Recruitment trade-offs and the evolution of dispersal mechanisms in plants

In this study we place seed size vs. seed number trade-offs in the context of plant dispersal ability. The objective was to suggest explanations for the evolution of different seed dispersal mechanisms, in particular fleshy fruits, wind dispersal and the maintenance of unassisted dispersal. We suggest that selection for improved dispersal may act either by increasing the intercept of a dispersal curve (log seed number vs. distance) or by flattening the slope of the curve. 'Improved dispersal' is defined as a marginal increase in the number of recruits sited at some (arbitrary) distance away from the parent plant. Increasing the intercept of the dispersal curve, i.e. producing more seeds, is associated with a reduction in seed size, which in turn affects the recruitment ability, provided that this ability is related to seed size. If recruitment is related to seed size there will be a recruitment cost of evolving increased seed production. On the other hand, a flattening of the slope by evolving dispersal attributes is likely to be associated with a fecundity cost. An exception is wind dispersal where smaller (and hence more numerous) seeds may lead to more efficient dispersal. We derive two main predictions: If recruitment is strongly related to seed size, selection for improved dispersal acts on the slope of the dispersal curve, i.e. by favouring evolution of dispersal attributes on seeds or fruits.
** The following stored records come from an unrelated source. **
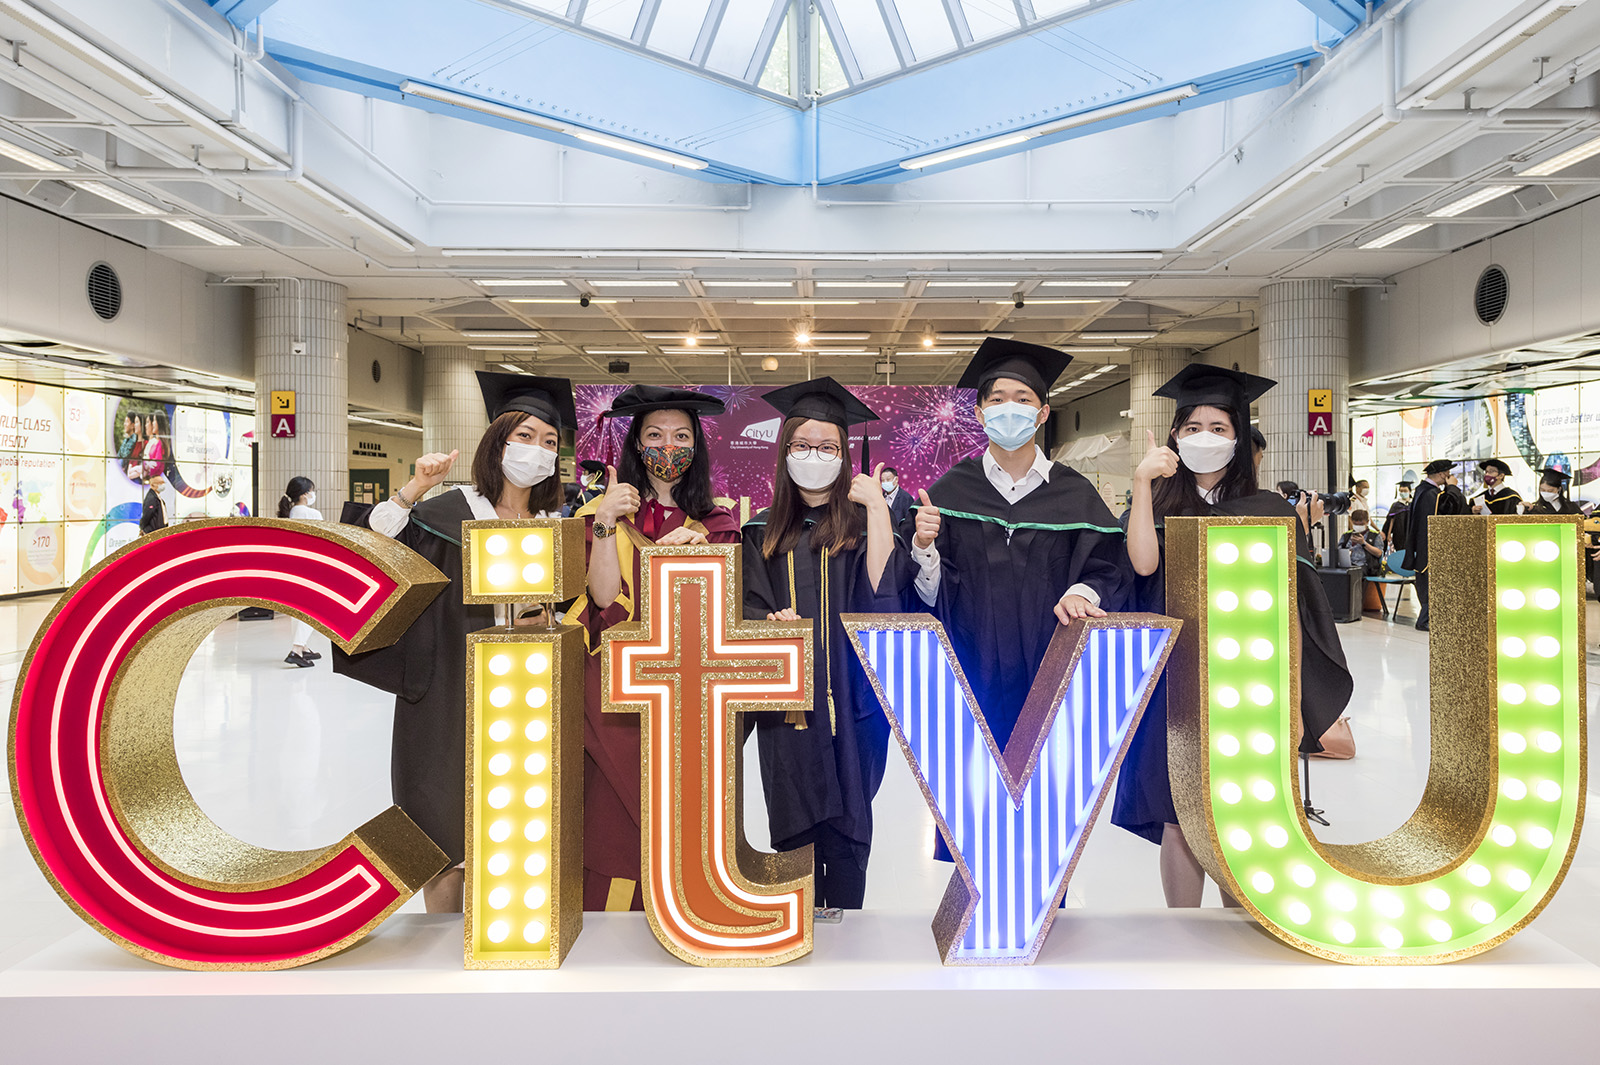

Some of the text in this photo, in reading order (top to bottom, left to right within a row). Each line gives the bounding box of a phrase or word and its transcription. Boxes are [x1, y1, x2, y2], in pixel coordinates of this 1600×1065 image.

[276, 418, 291, 434] A
[1313, 416, 1328, 432] A
[1541, 416, 1563, 427] create
[1564, 416, 1569, 424] a
[1570, 413, 1593, 424] better
[746, 428, 774, 441] CityU
[21, 459, 55, 468] reputation
[8, 516, 1587, 971] CityU
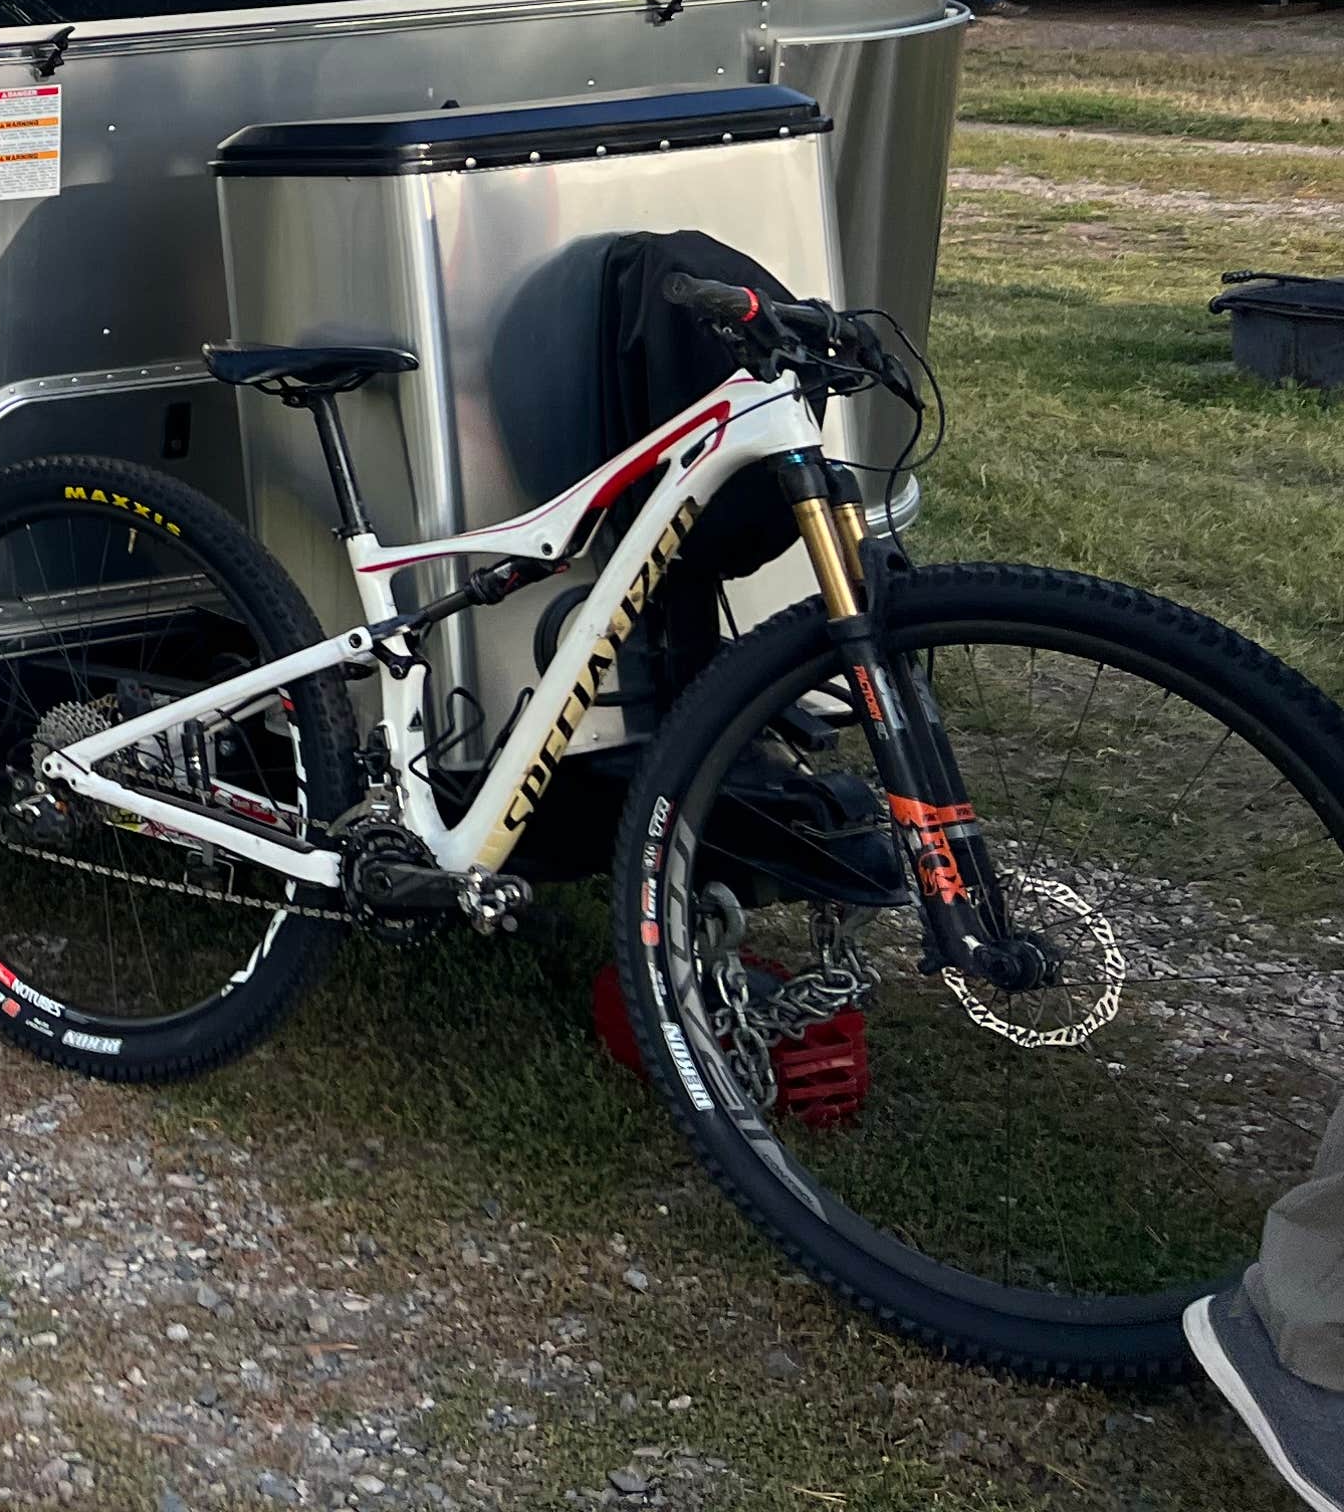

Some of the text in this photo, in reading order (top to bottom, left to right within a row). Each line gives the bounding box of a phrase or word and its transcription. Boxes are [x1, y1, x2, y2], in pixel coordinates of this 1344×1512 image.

[65, 486, 181, 536] MAXXIS
[918, 828, 969, 906] FOX
[661, 1021, 716, 1112] REKON
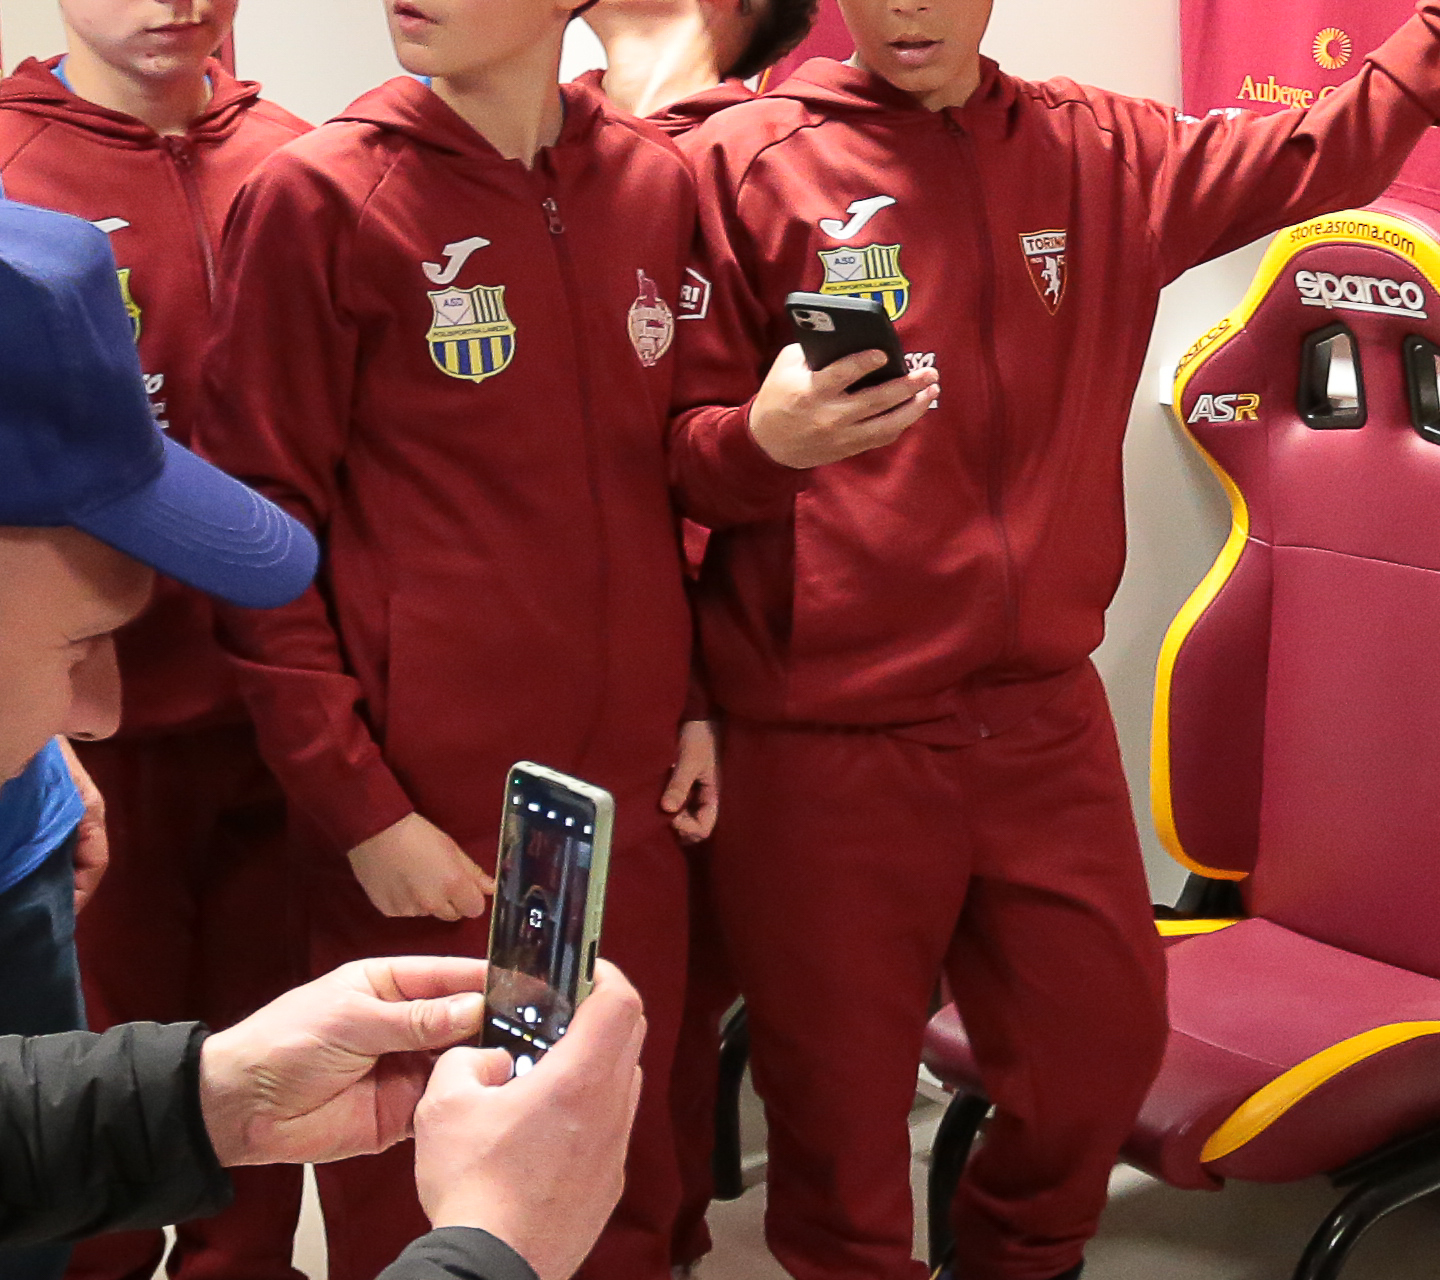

If, on the other hand, recruitment is only weakly related to seed size (or not related, or negatively related), selection for improved dispersal favours increased seed production. Despite its simplicity, the model suggests explanations for (i) why so many plant species lack special seed dispersal attributes, (ii) differences in dispersal spectra among plant communities, and (iii) adaptive radiation in seed size and dispersal attributes during angiosperm evolution.